Schematic overview of striatal regions of pigeon, mouse, macaque and human. The dorsal striatum is shown in orange, the ventral striatum in yellow, and the ventricles (V) in blue. In the pigeon brain, the medial striatum (MSt), lateral striatum (LSt), and nucleus accumbens (ACB) are indicated. In the mouse brain, the caudoputamen (CP) and nucleus accumbens (ACB) are labeled.
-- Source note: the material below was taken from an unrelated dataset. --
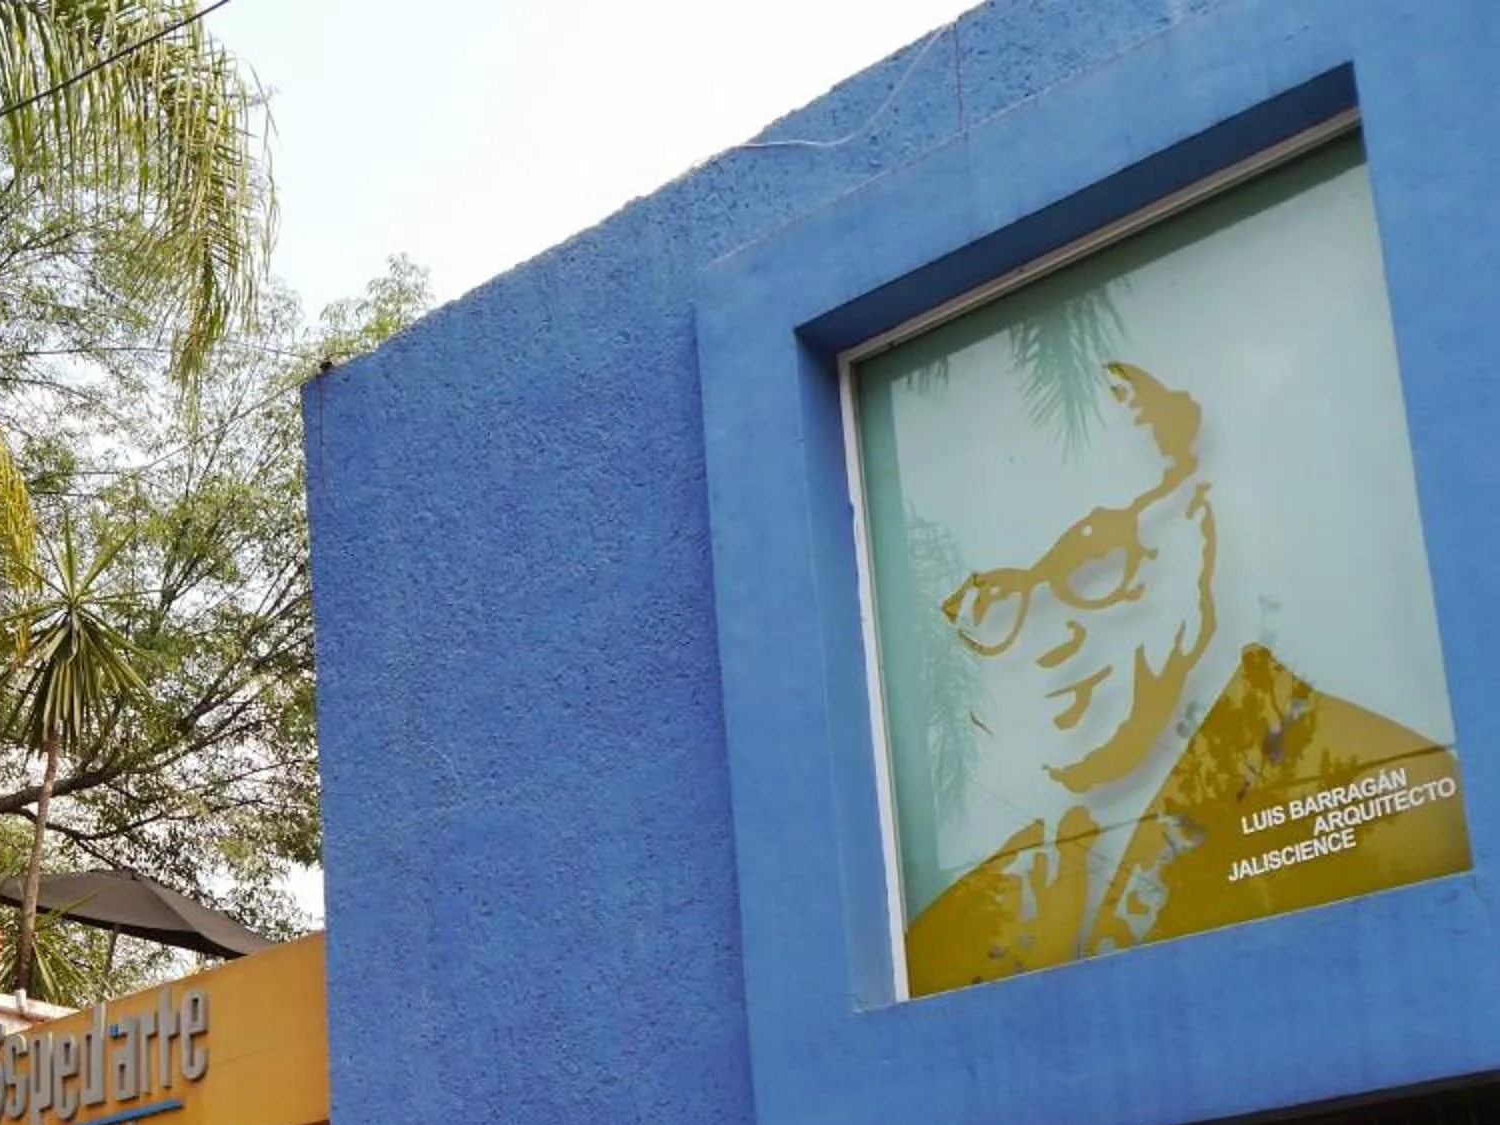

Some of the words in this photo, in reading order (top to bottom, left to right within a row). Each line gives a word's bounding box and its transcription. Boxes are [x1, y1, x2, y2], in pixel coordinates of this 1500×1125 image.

In the macaque and human brains, the caudate nucleus (Ct), putamen (Pt), and nucleus accumbens (ACB) are shown. In all species the subpallial striatum develops from the same origin, the basal telencephalic anlage that includes three major radially oriented histogenetic zones, and then undergoes species‐specific structural adaptations. The coronal slides are not scaled.
The formerly named INP occupies a special position in the bird's striatum. Originally classified as a pallidal region, it was increasingly recognized that it has predominantly dorsal striatal characteristics with a small number of cells that may have migrated from pallidal regions during its development and thus should be referred to as ISt (Reiner et al. 2004b; Jarvis et al. 2013; Bruce et al. 2016).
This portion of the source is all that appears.